So I didn’t think I would have to worry about Cleo’s warning that Clemens would call home if she thought I was having sex. Her aversion to drugs, alcohol or crash dieting, maybe, if I was lucky. But I didn’t think sex would be a problem.
During my brief stint as a space cadet, Clemens had been listing reasons that I could come talk to her. She had just reached the all-encompassing “…chat! I’m always here after classes.”
“Definitely.” I tried to make my smile warm. It was nothing personal. Really.
She smiled. “I think this is going to be a great year. One last question.” Of course. “We’re trying to compile a list of tutors within the dorm, in case people are having trouble with anything.”
That request always came eventually: help the intellectually destitute. I hated it. “Yeah, sure. Put me down for something.” Hopefully, something no one would need.

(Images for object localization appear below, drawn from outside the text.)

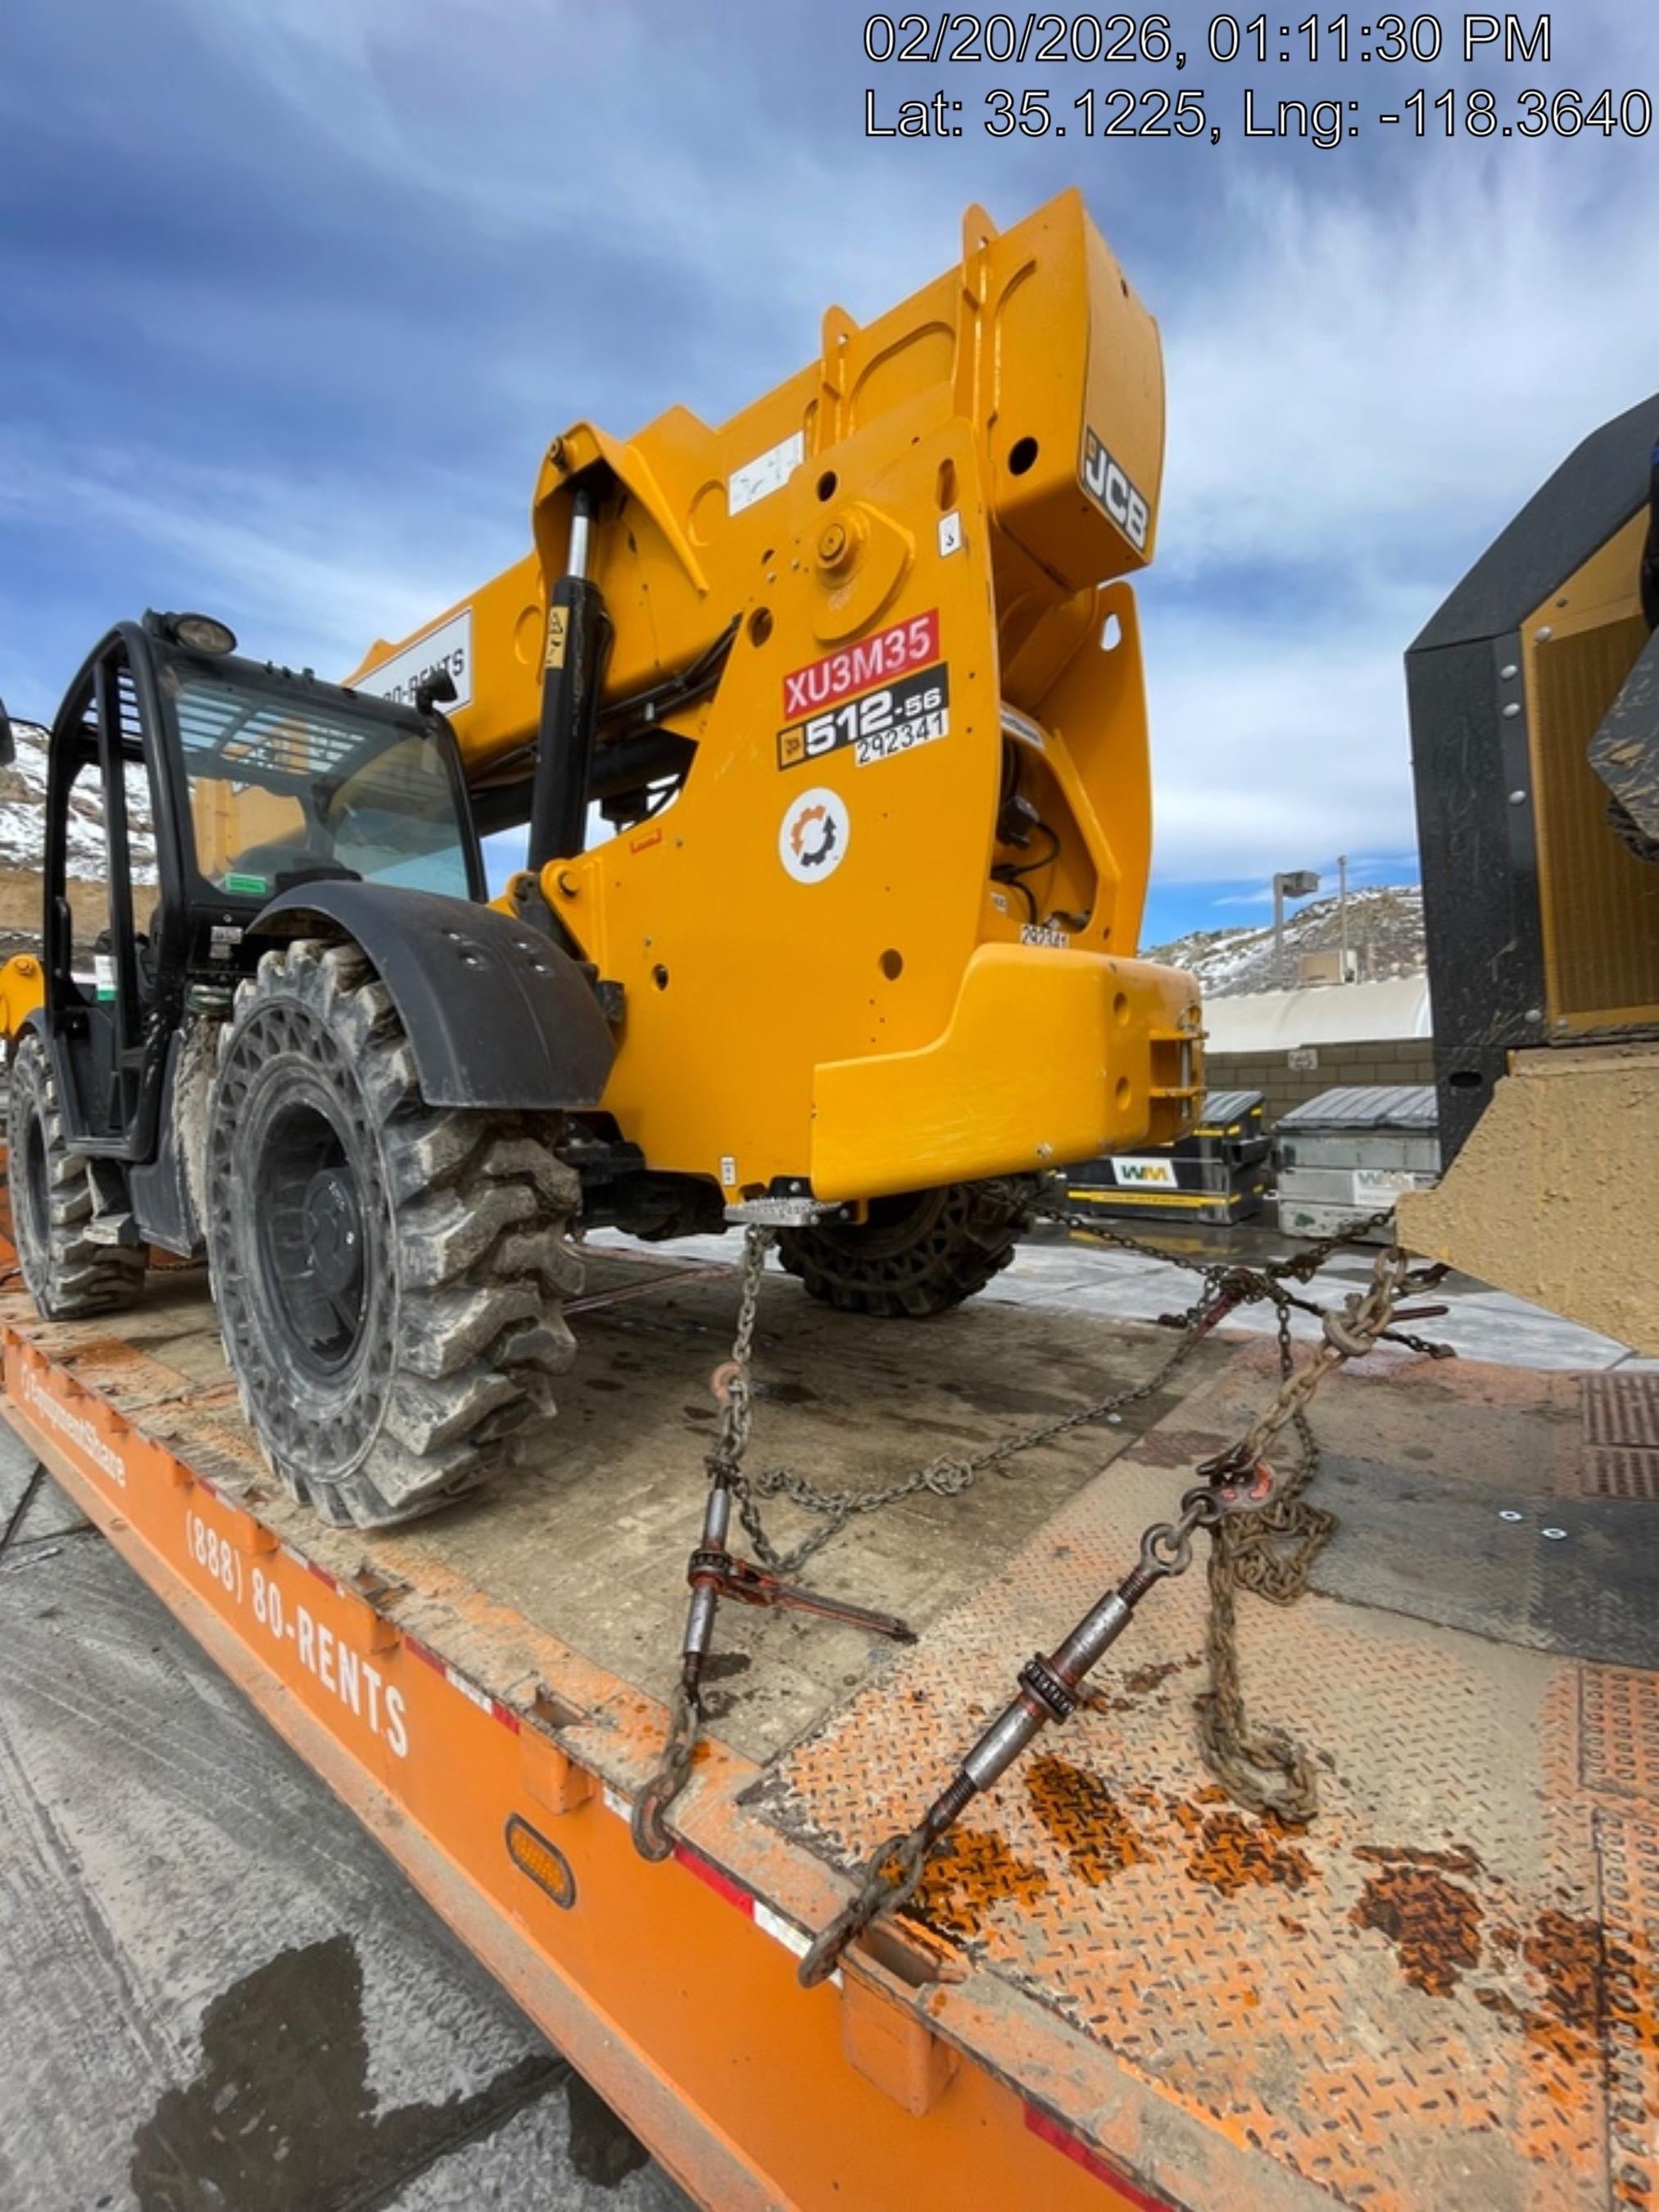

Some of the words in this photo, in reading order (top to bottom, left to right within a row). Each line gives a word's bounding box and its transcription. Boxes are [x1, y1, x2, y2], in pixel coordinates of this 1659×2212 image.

[1086, 449, 1148, 548] JCB
[786, 616, 931, 714] XU3M35
[857, 712, 945, 764] 292341
[1121, 1165, 1167, 1181] WM
[186, 1509, 243, 1605] (888)
[252, 1566, 408, 1759] 80-RENTS
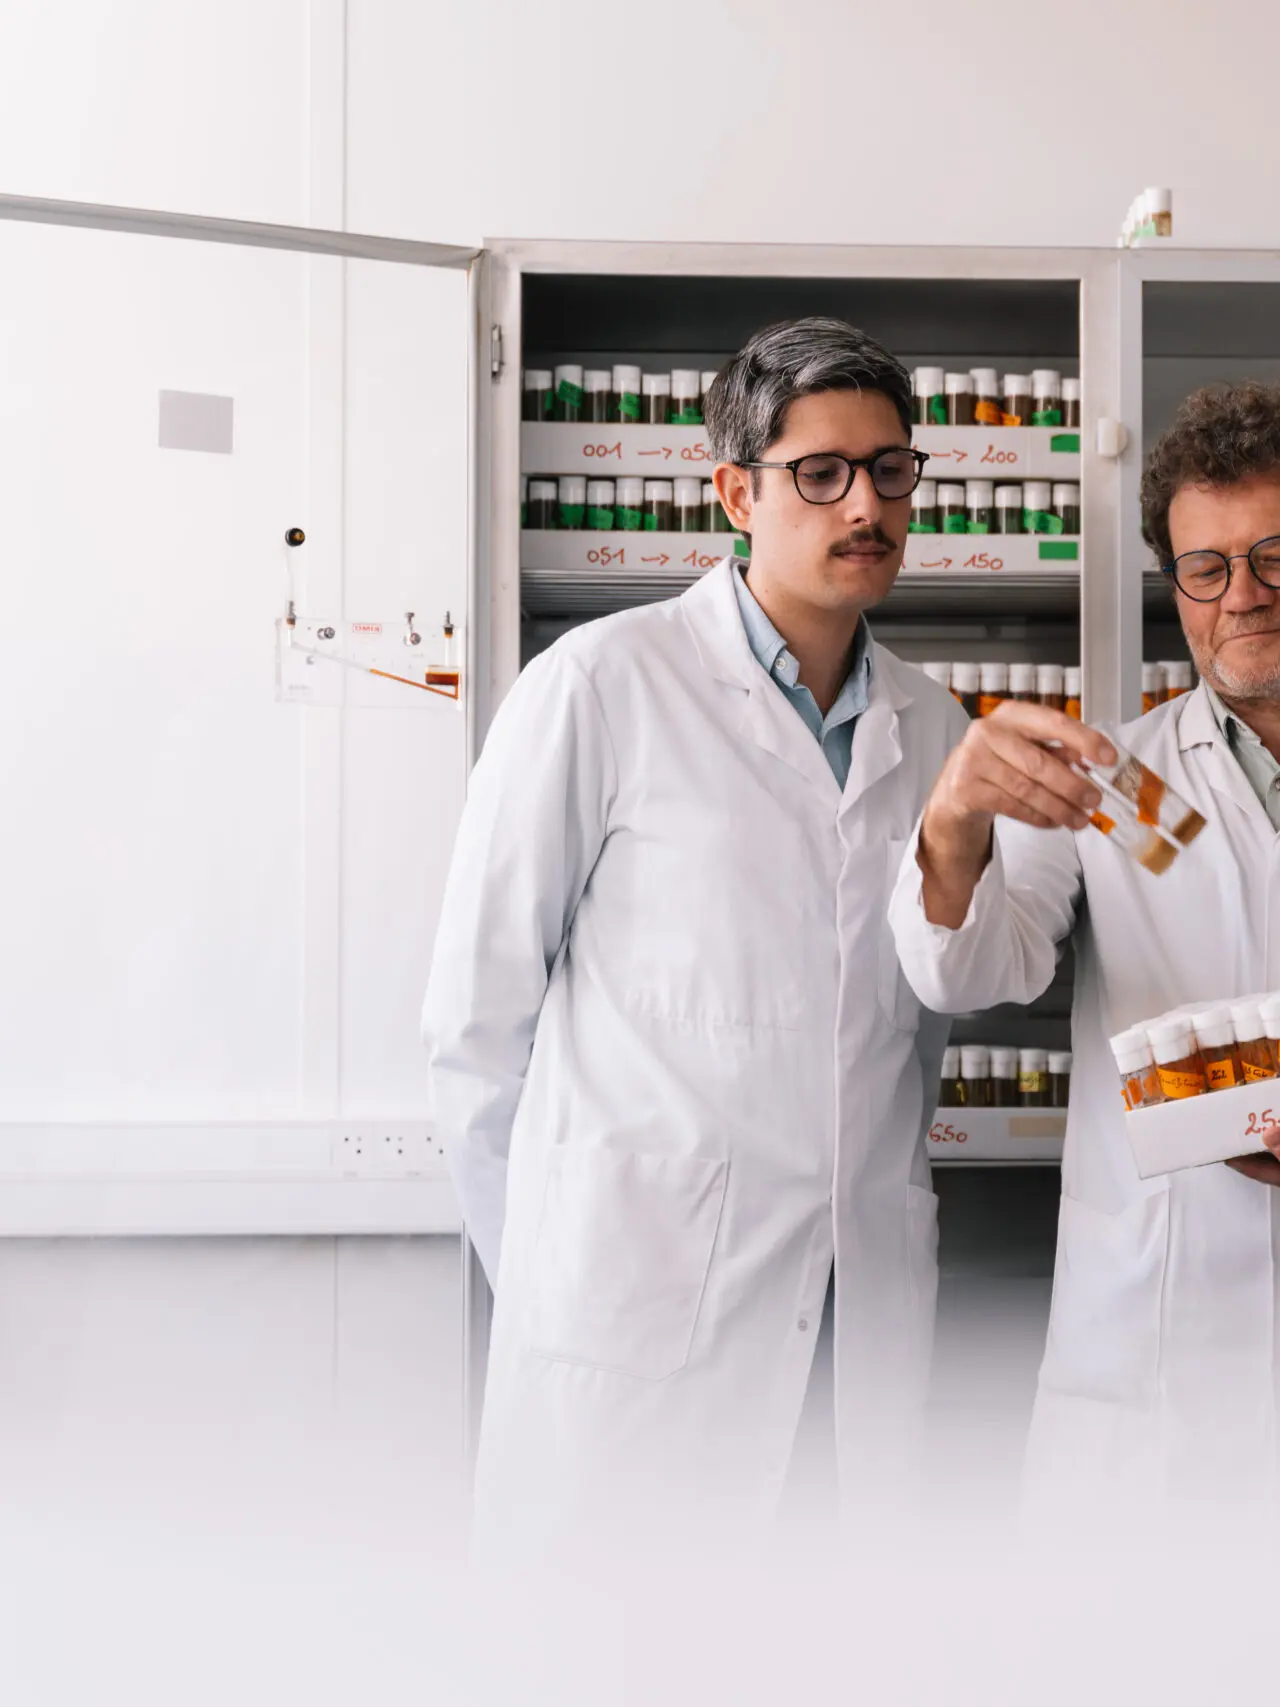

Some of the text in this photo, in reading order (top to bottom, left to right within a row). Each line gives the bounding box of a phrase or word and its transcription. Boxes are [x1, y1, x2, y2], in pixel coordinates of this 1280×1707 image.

I still can’t stand trying to teach people things they don’t think they need or want to know. It’s even worse when I agree with them.
“You’re in precalculus, right?”
I nodded and took the offered escape. “Yeah, and I have a ton of homework for tomorrow. You know Hamilton.”
She laughed. “Absolutely. Go ahead.”
I grabbed my bag and fled as quickly as my feet would allow. It wasn’t exactly a lie that I had a ton of homework. I just wasn’t going to do all that homework. Or any. I could usually get enough done in class or at lunch.
This was another one of those things that seemed like an acceptable lie.
The first time it happened freshman year was history class. The teacher had asked and I had forgotten to place a filter between synapse and sentence before I answered. Everyone else in the class had no interest in hearing how I couldn’t help that I remembered this stuff from middle school. They were especially uninterested when it happened again: talking about something our teacher hadn’t covered in just a little too much detail.
So maybe I was even a little bit interested. It’s hardly a crime. But lately it seemed to be, even to my teachers. Turns out, they often don’t like being put on the spot for information they don’t know, and often don’t want to admit they have no idea. In hindsight, I realize that’s not entirely unreasonable, but at the time all I could see was my supposedly certain allies standing back with their hands up, if not aligning themselves with the general feeling of dislike.
Walking into math on the first day of freshman year had made it clear that in the caste system of high school, I was Super-Untouchable. There were only three girls in the class, of which I was the youngest. Of the other two, one was in thick-rimmed glasses and the other had the evidence of too many bags of Cheetos staining her fingers and muffin-topping over the waistband of her jeans. Neither one of them looked like they’d brushed their hair that day.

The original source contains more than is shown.